If it was me I'd have a garage do a sniff test and then just get it done. Certainly as a new owner I'd have the cambelt done straight away anyway, just fr peace of mind. And while you're in there doing the belt, the head gasket is not much further down the line.
 

Mudz

Guest
The problem there is that by the time things develop more you could be looking at replacing the cylinder head as the overheating will warp it, and by that time it's knackered. Much better to change a faulty head gasket and save major problems later on. Skimming the head is a complicated issue aswell, as it's a flat head. You need to remove the valves, skim some material off, regrind the valves, fit a thicker head gasket (so that the glowplugs / injectors aren't brought any closer to the pistons) instead of just putting in a new gasket.

If it was me I'd have a garage do a sniff test and then just get it done. Certainly as a new owner I'd have the cambelt done straight away anyway, just fr peace of mind. And while you're in there doing the belt, the head gasket is not much further down the line.

thats the thing it doesnt over heat just builds pressure and release water through overflow, changed the cap aswell and removed thrmostat, it has only ever over heated once,
 

muddyboots

Still hanging around
Oct 16, 2002
5,739
1
Might be classic VAG water pump failure ?

The plastic impellers can either break up, or come loose on the shaft.

My last Passat had this failure. During normal driving, the pump still managed to give enough flow and all was well. Any driving that involved prolonged load on the engine or a spurt of hard hillclimbing, and the temp would shoot up, followed by coolant spewing out of the header tank.

The remedy is to replace the water pump, preferably with a metal-impellored version.
It does mean taking the cambelt off (assuming that's the same design on the pre- and post-PD engines), so you might as well do the cambelt at the same time.

When I got the pump out of my Passat, the impeller just span freely on the shaft.
And it had only been on the car for a short time, as I'd replaced it as a precaution at cambelt change time !!!
 

Mudz

Guest
Might be classic VAG water pump failure ?

The plastic impellers can either break up, or come loose on the shaft.

My last Passat had this failure. During normal driving, the pump still managed to give enough flow and all was well. Any driving that involved prolonged load on the engine or a spurt of hard hillclimbing, and the temp would shoot up, followed by coolant spewing out of the header tank.

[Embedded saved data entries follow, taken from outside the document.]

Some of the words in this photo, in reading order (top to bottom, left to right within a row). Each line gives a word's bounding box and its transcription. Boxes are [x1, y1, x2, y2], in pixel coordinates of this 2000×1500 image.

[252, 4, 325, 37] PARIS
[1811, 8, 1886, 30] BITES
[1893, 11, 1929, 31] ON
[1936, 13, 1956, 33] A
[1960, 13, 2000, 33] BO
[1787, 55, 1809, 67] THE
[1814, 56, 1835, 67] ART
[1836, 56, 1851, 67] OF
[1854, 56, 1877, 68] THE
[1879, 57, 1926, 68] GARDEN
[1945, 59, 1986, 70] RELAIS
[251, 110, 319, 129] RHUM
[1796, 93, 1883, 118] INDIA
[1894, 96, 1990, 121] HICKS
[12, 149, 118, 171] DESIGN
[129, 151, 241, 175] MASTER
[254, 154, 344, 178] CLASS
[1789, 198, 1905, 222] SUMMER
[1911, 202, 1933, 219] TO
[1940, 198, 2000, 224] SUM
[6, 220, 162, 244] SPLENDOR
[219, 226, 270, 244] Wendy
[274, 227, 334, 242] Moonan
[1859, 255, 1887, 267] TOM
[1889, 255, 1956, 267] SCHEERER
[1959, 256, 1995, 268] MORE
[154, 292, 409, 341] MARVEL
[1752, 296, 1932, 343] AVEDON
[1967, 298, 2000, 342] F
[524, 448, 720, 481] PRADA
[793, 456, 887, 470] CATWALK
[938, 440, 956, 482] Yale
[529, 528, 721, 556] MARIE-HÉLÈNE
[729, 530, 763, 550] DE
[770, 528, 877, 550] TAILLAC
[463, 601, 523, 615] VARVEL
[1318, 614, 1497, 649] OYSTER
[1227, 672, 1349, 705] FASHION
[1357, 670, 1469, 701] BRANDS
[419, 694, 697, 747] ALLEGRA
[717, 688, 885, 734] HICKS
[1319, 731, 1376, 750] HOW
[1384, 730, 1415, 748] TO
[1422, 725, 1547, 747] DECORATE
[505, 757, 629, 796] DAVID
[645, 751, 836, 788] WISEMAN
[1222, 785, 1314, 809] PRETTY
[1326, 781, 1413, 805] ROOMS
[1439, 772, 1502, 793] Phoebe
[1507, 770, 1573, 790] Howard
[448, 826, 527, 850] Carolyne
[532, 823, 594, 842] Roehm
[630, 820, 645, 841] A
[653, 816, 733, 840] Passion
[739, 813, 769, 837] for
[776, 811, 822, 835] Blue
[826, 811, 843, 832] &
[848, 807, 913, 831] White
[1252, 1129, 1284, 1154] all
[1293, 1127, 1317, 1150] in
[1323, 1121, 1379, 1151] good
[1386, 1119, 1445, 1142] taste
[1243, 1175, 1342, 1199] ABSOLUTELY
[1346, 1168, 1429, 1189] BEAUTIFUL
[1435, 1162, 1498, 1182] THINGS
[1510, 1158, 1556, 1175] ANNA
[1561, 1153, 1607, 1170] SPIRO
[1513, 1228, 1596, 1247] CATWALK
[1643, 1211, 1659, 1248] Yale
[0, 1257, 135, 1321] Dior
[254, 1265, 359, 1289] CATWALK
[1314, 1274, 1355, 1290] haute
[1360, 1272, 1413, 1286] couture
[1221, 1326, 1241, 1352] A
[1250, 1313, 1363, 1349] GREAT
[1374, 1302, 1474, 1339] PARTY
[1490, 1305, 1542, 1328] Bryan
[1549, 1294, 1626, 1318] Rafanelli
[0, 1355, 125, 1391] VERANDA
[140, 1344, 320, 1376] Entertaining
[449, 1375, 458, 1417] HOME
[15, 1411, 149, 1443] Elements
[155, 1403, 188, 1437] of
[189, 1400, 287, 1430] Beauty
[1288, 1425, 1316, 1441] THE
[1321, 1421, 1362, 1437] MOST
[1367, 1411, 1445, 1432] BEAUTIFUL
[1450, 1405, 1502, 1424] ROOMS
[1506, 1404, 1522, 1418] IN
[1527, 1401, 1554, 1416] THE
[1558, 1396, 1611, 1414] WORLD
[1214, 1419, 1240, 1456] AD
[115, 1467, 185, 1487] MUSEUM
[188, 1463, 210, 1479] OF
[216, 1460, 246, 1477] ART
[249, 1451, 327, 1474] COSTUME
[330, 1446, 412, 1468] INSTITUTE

The remedy is to replace the water pump, preferably with a metal-impellored version.
It does mean taking the cambelt off (assuming that's the same design on the pre- and post-PD engines), so you might as well do the cambelt at the same time.

When I got the pump out of my Passat, the impeller just span freely on the shaft.
And it had only been on the car for a short time, as I'd replaced it as a precaution at cambelt change time !!!

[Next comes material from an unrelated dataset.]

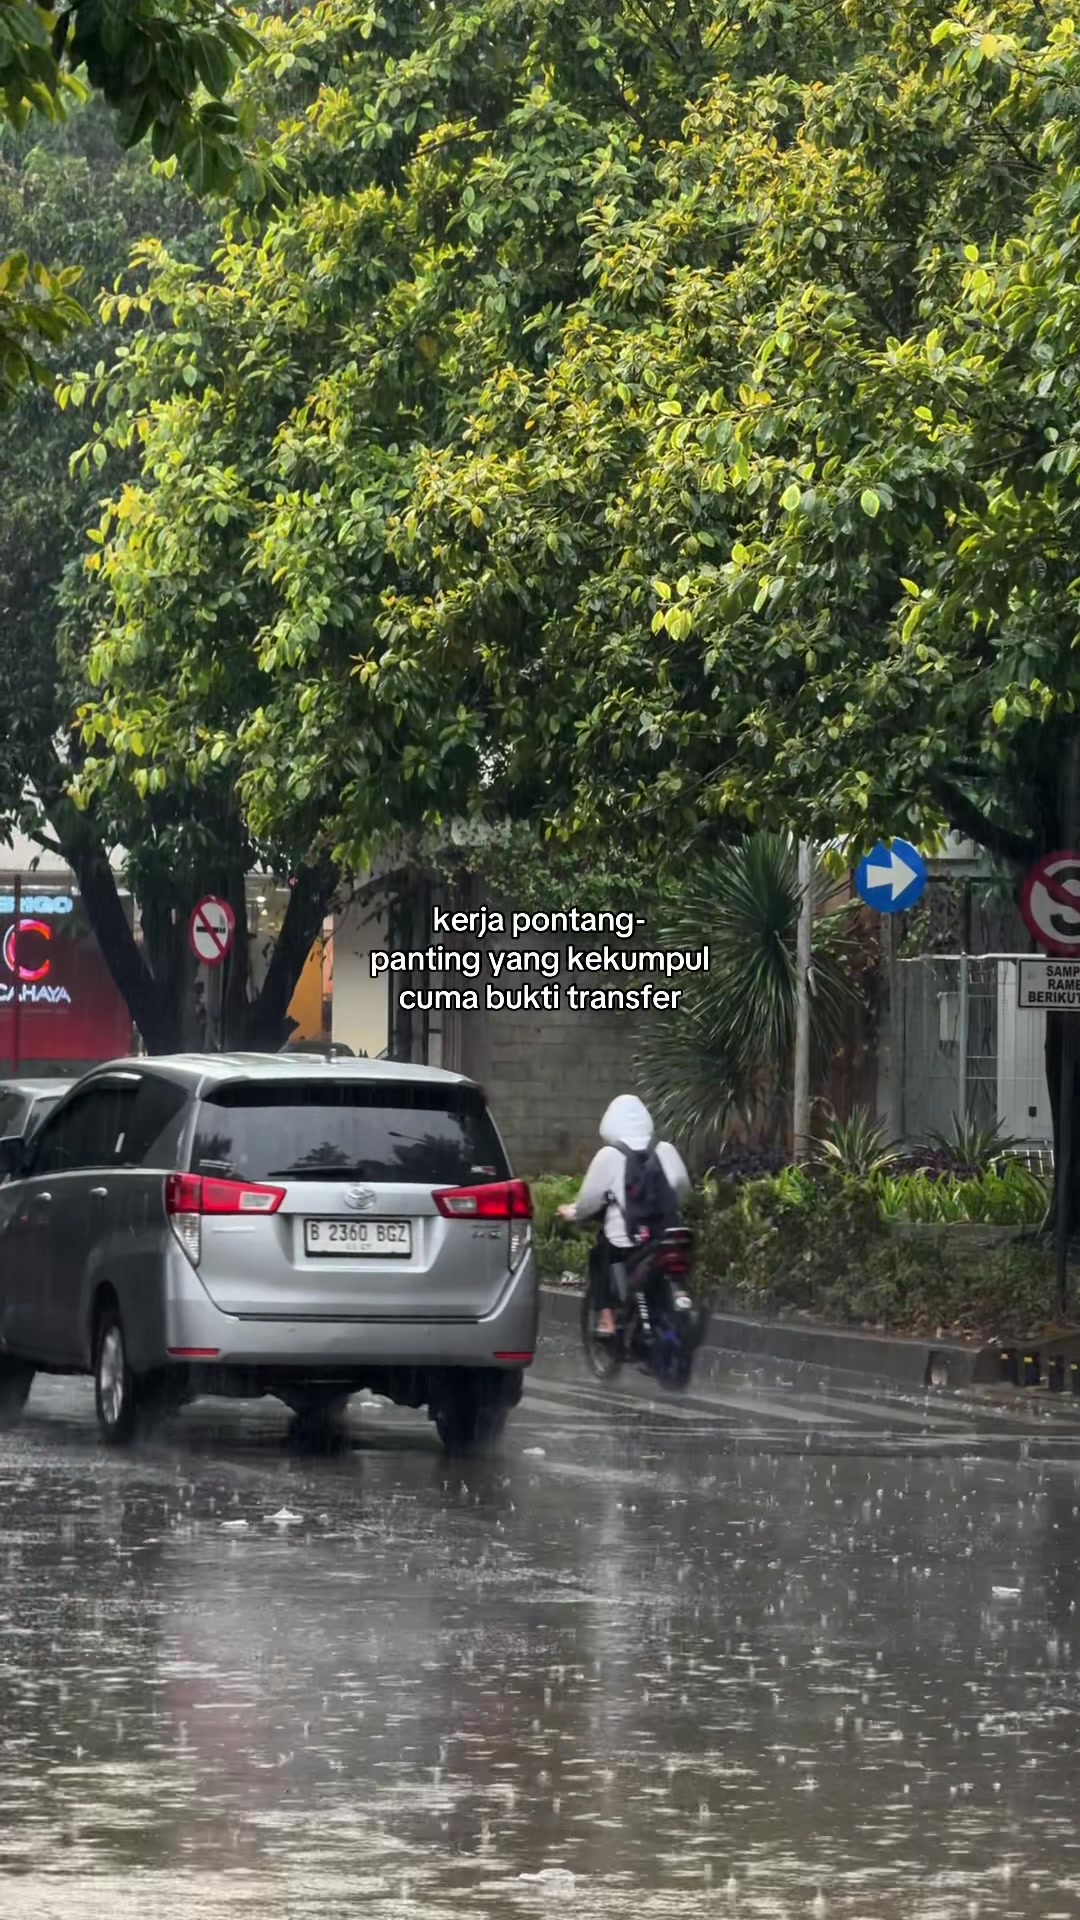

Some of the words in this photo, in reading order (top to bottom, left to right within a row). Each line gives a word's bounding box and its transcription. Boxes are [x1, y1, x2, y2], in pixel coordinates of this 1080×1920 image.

If i removed the cambelt cover should be able to see it shudnt I?, but i dont think that is what is at fault there is a clear build up of presseure and the pipes are getting harder now and light beeps more often must be hg, although hasnt over heated yet either since the first day
 

muddyboots

Still hanging around
Oct 16, 2002
5,739
1
If i removed the cambelt cover should be able to see it shudnt I?, but i dont think that is what is at fault there is a clear build up of presseure and the pipes are getting harder now and light beeps more often must be hg, although hasnt over heated yet either since the first day

Yes you'd be able to see it - but you wouldn't be able to tell if it was faulty or not, as it's the internal impeller that goes.

Probably not that difficult to change, so long as you can get access to it. I think you'd need to lock the crank & camshaft in position first though, and you'd need to have access to release the cambelt tensioner.

I wouldn't rule the waterpump out - the fact it only overheated on a motorway run but behaves more OK on easier, lower load driving does sound similar to when mine failed.
The fact that it's slowly getting worse could just mean the impeller is starting to spin more freely on the shaft, so you're getting less and less coolant flow.